This is different, Thor wants to say, because this makes it feel less like play, less like one of Loki's tricks, one that Thor goes along with for the sake of the game. This male body is one step closer to Loki's own, and that makes this feel all too real. He is not certain whether or not he wants it to be real. 

But it has been so long since the last time Loki came to him, and Loki's words are compelling, and maybe even true. And if Thor gets this wrong, Loki will leave, and perhaps never return. 

No one will know, at least, Thor tells himself, and says, “I assume that there _are_ some differences, brother, but perhaps you will give me the benefit of your experience.”

His words sound hollow, but there is nothing bitter in Loki's answering smile, and that, it seems, is more than enough for Thor.

****

“No,” Thor says, flatly, standing in the middle of the room with his arms folded.
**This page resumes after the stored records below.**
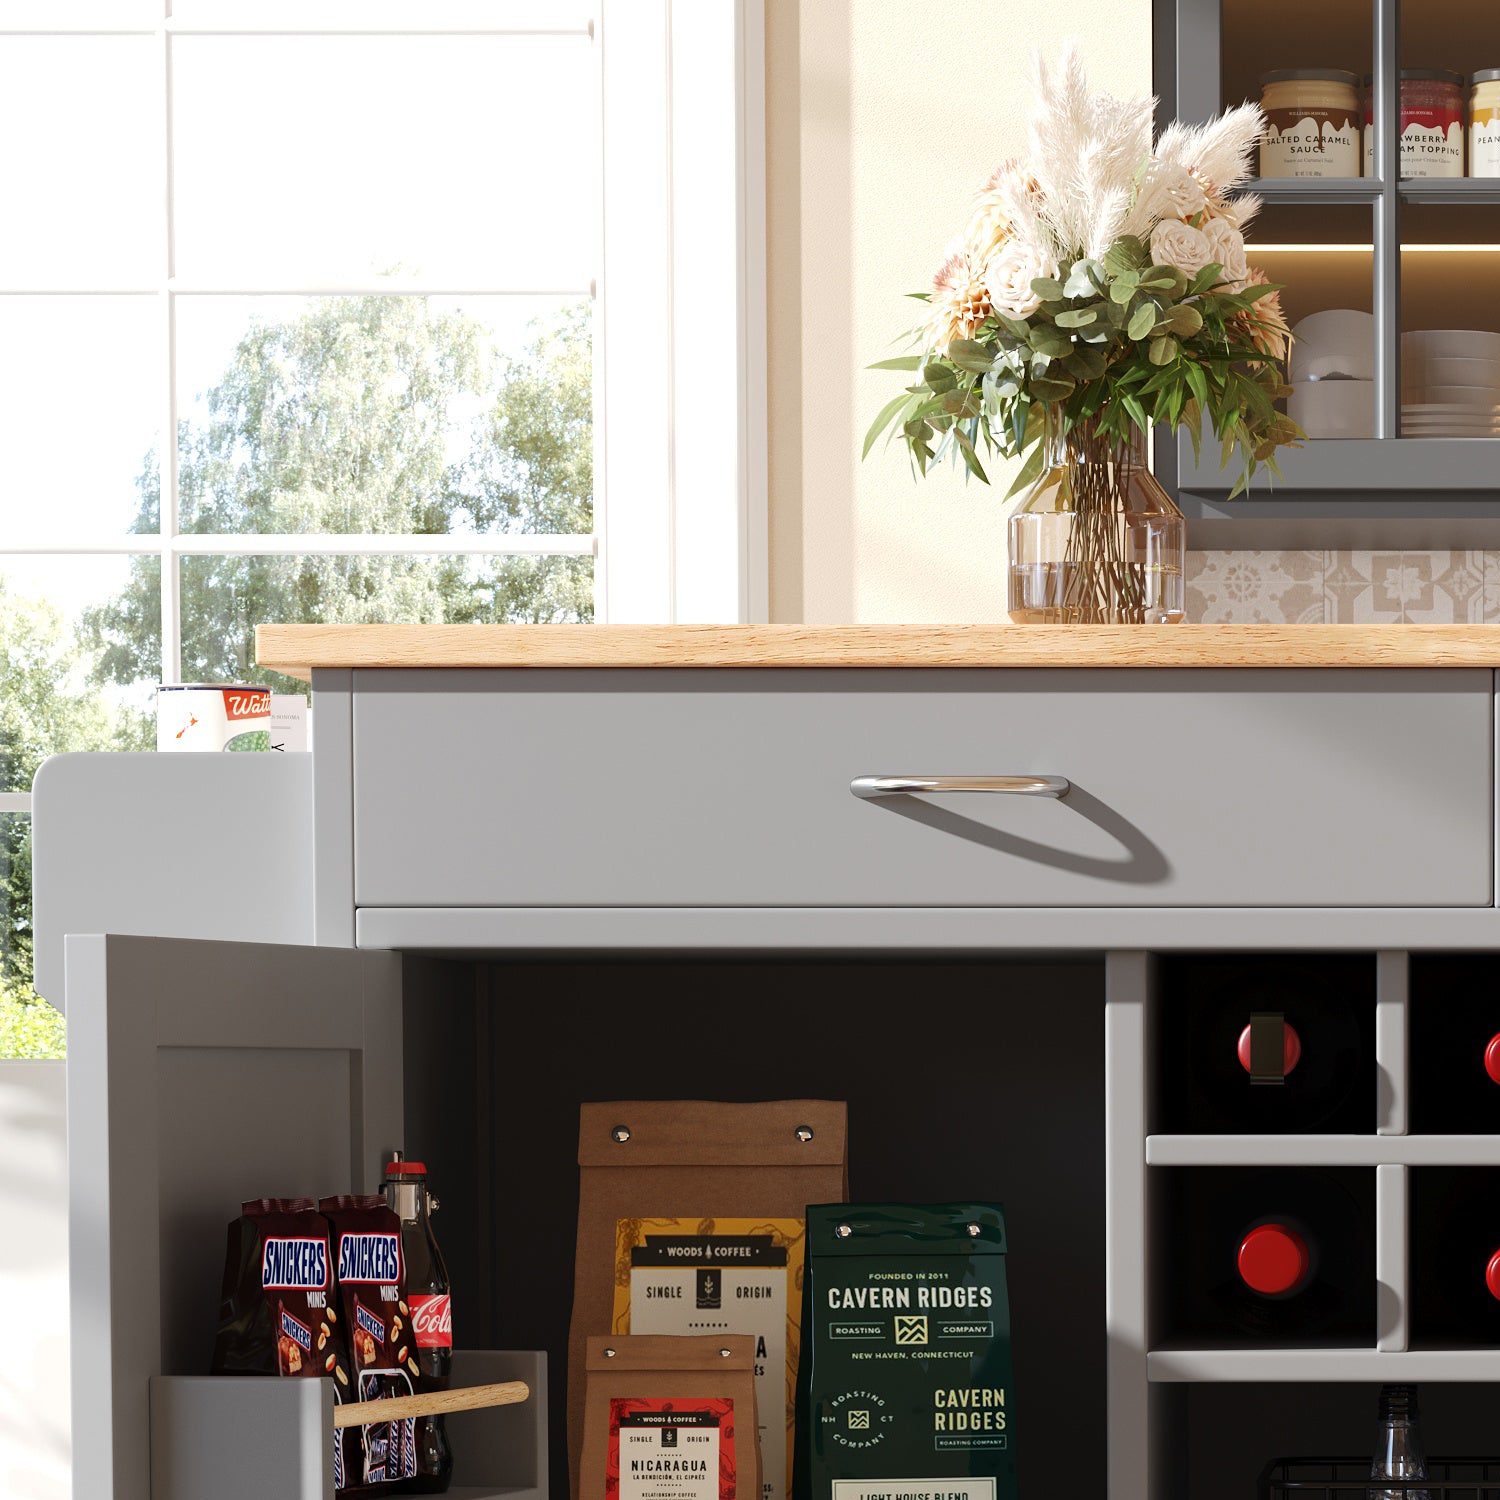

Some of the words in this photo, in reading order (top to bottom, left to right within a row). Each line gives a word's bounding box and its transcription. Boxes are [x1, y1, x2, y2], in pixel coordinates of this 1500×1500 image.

[1267, 136, 1300, 146] SALTED
[1305, 136, 1350, 146] CARAMEL
[1400, 135, 1446, 143] AWBERRY
[1420, 146, 1459, 156] TOPPING
[339, 1236, 398, 1280] SNICKERS
[667, 1247, 702, 1257] WOODS
[714, 1247, 751, 1257] COFFEE
[263, 1241, 326, 1286] SNICKERS
[306, 1291, 326, 1308] MINIS
[380, 1285, 399, 1301] MINIS
[646, 1286, 682, 1299] SINGLE
[736, 1286, 772, 1298] ORIGIN
[828, 1287, 910, 1309] CAVERN
[918, 1286, 993, 1308] RIDGES
[282, 1313, 311, 1350] SNICKERS
[357, 1307, 384, 1342] SNICKERS
[875, 1352, 908, 1360] HAVEN,
[911, 1351, 974, 1359] CONNECTICUT
[831, 1390, 886, 1407] ROASTING
[935, 1389, 1005, 1408] CAVERN
[935, 1411, 1006, 1431] RIDGES
[833, 1432, 885, 1448] COMPANY
[631, 1460, 707, 1471] NICARAGUA
Then, more loudly, “ _No_!”

“No?” Fandral says, though Fandral's eyes are not green, and Fandral is on Vanaheim at the moment. The imitation is perfect in every other way, though, and Thor's gut roils with anger. 
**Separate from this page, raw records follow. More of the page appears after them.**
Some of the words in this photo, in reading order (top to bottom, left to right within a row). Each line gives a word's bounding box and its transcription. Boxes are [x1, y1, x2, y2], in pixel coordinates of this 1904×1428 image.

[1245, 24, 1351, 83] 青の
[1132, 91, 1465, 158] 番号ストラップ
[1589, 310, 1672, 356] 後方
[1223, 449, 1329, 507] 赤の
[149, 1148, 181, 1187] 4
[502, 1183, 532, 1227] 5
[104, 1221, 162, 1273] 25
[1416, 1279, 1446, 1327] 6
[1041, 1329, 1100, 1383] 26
“ _Not_ Fandral,” he growls. Loki has never done this before. All the shapes that he has worn, over all the years that they have been doing this, and none has ever been someone that Thor knows. He can sometimes see inspiration--that man's mouth, that woman's nose--but the faces have never belonged to anyone other than Loki. “Not anyone,” he adds.

“Suit yourself,” his brother's voice drawls, and Loki is sitting on the couch. “I'm afraid I can't quite manage 'not anyone' without leaving the room, but as it's only me, I'm certain it's close enough for your purposes.” 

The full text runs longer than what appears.